Islamabad : Thousands of Pakistani lawyers on Thursday again boycotted court proceedings across the country and held rallies against the suspension of Chief Justice Iftikhar Chaudhry by President Pervez Musharraf over misuse of office accusations.
"Today's boycott is part of our continuing protest against the removal of the chief justice. We shall continue the movement until the mala fide charges against him are withdrawn," said Muneer Malik, the president of the Supreme Court Bar Association.
Describing Chaudhry's removal on March 9 as an assault on the judiciary, the legal fraternity staged repeated demonstrations in recent weeks with the support of opposition parties in a major test of Musharraf's authority.
Thousands of lawyers, opposition workers and rights activists on Thursday chanted slogans against Musharraf as they marched through the central city of Lahore.
Thousands more refused to represent their clients in the courts in other cities and towns.
The growing political movement around the judge's suspension turned violent May 12 as pro-government activists clashed with opposition workers in the southern city of Karachi, leaving more than 40 people dead.
Both sides blamed the other for the disturbances, which saw the use of firearms for the first time since the confrontation began.
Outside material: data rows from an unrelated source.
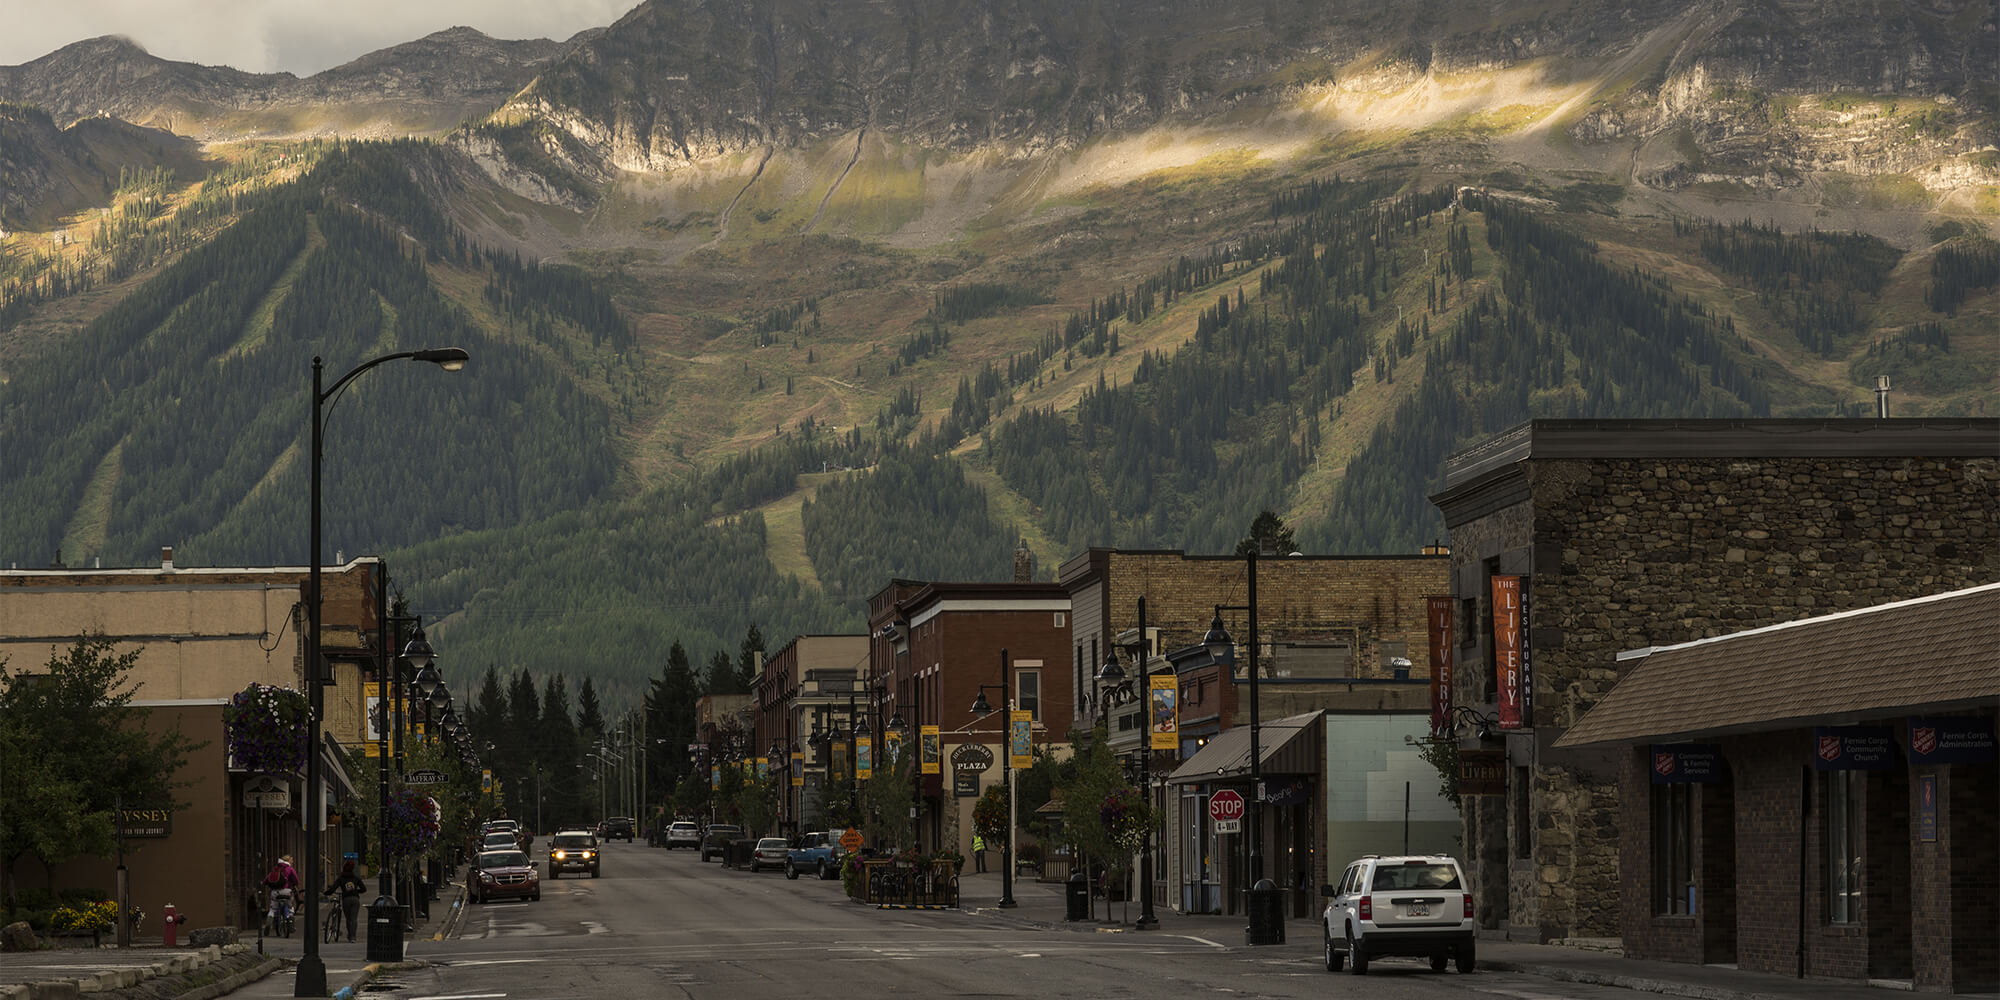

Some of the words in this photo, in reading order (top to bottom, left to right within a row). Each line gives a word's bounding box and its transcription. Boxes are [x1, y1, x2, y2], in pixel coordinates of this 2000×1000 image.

[1497, 580, 1515, 589] THE
[1432, 601, 1448, 609] THE
[1506, 592, 1517, 706] LIVERY
[1522, 593, 1530, 706] RESTAURANT
[1439, 612, 1448, 720] LIVERY
[1943, 732, 1965, 740] Fernie
[1967, 731, 1989, 741] Corps
[1868, 737, 1889, 745] Corps
[1939, 740, 1993, 748] Administration
[1846, 745, 1887, 753] Community
[1461, 767, 1503, 779] LIVERY
[1211, 800, 1242, 815] STOP
[1217, 822, 1237, 831] 4-WAY
Musharraf is also under pressure from members of his government and the ruling party to end the case against Chaudhry, while foreign governments showed alarm at the resultant unrest in an election year.
The army general will seek a further five-year term from the current parliament this autumn.
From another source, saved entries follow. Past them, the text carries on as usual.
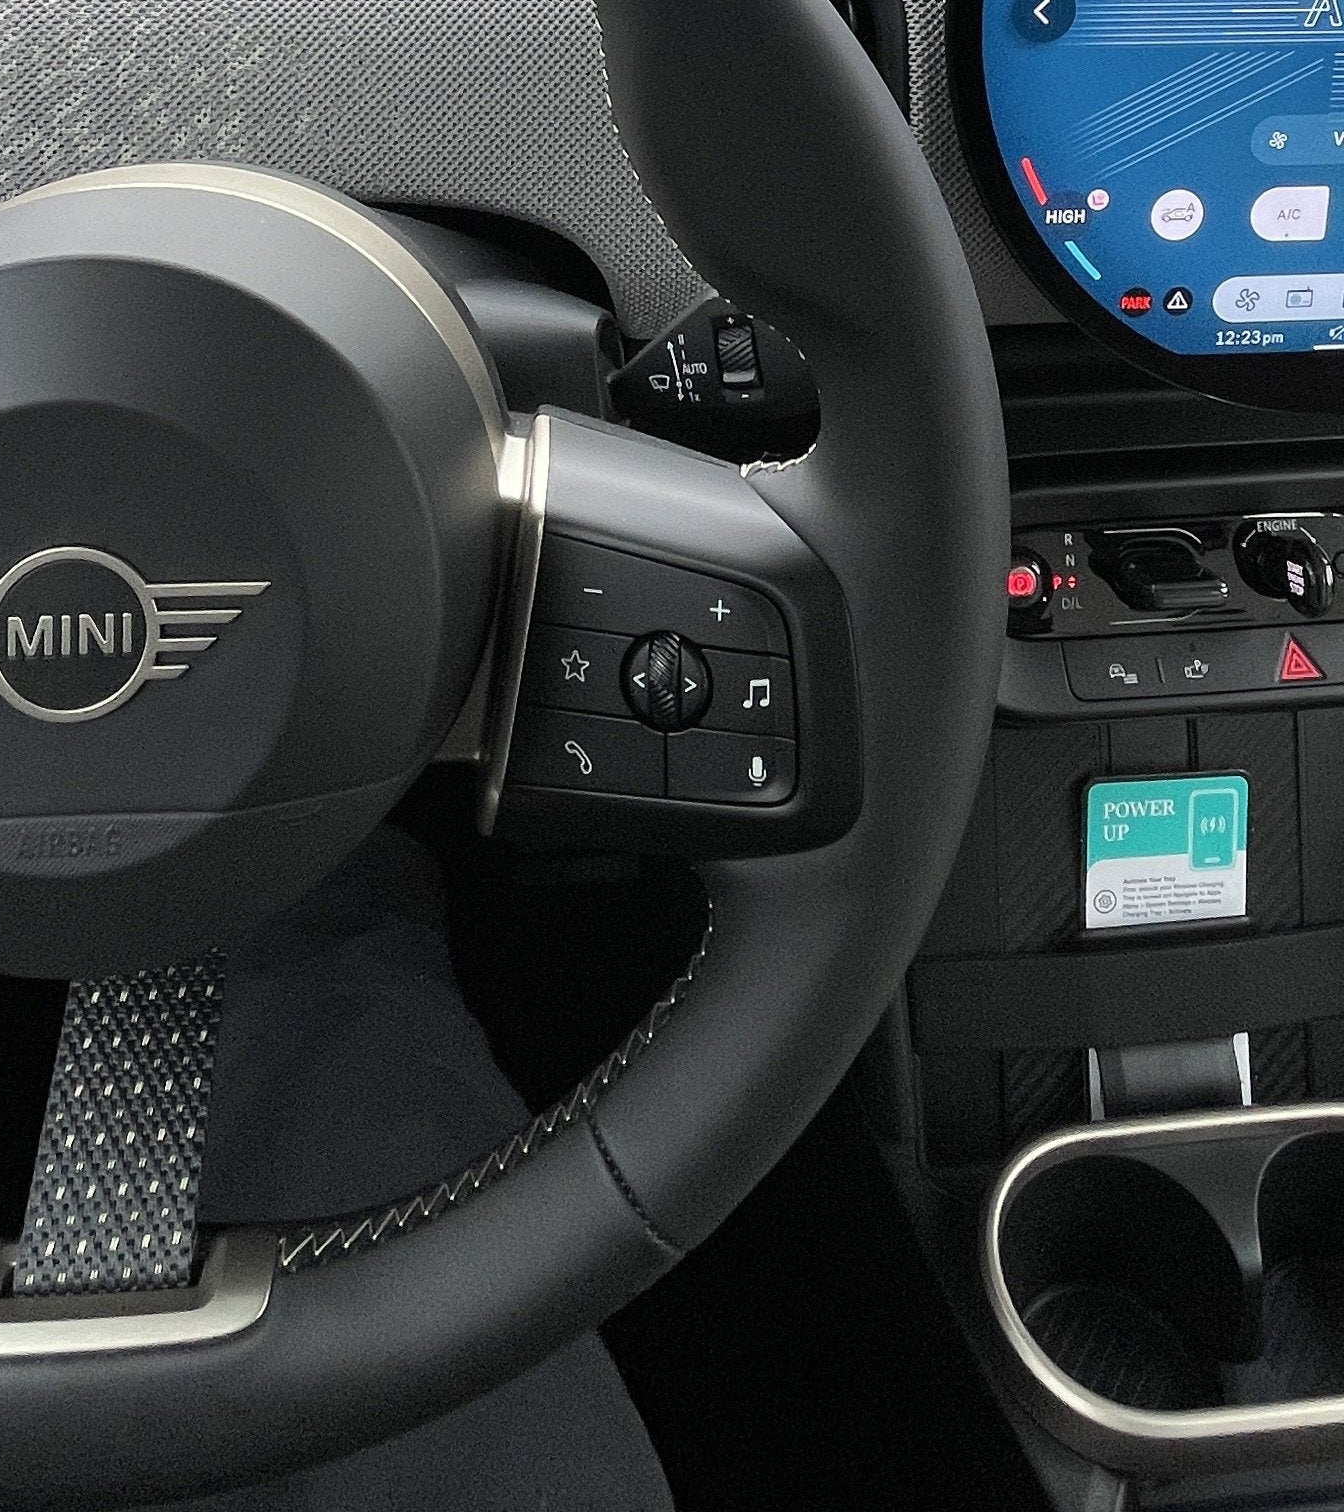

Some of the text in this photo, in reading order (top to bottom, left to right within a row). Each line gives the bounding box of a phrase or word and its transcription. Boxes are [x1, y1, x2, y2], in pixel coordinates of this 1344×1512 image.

[1044, 208, 1086, 224] HIGH
[1276, 208, 1302, 221] A/C
[1120, 296, 1152, 310] PARK
[682, 362, 708, 375] AUTO
[1256, 519, 1299, 533] ENGINE
[1064, 533, 1074, 546] R
[1065, 554, 1075, 567] N
[1052, 574, 1063, 591] P
[1061, 596, 1084, 610] D/L
[7, 611, 133, 659] MINI
[1103, 798, 1176, 820] POWER
[1104, 823, 1130, 842] UP
During a visit to Islamabad Wednesday, German Foreign Minister Frank-Walter Steinmeier expressed concern at the "recent events in Karachi and the dismissal of a judge in Pakistan" after talks with his Pakistani counterpart Khurshid Kasuri.
Many Pakistanis believe Musharraf removed the judge to prevent any legal attempt to block his re-election from the existing parliament.
The president says he took the decision in accordance with the country's constitution and has blamed the tragic events on the politicization of what he stresses is a purely judicial matter.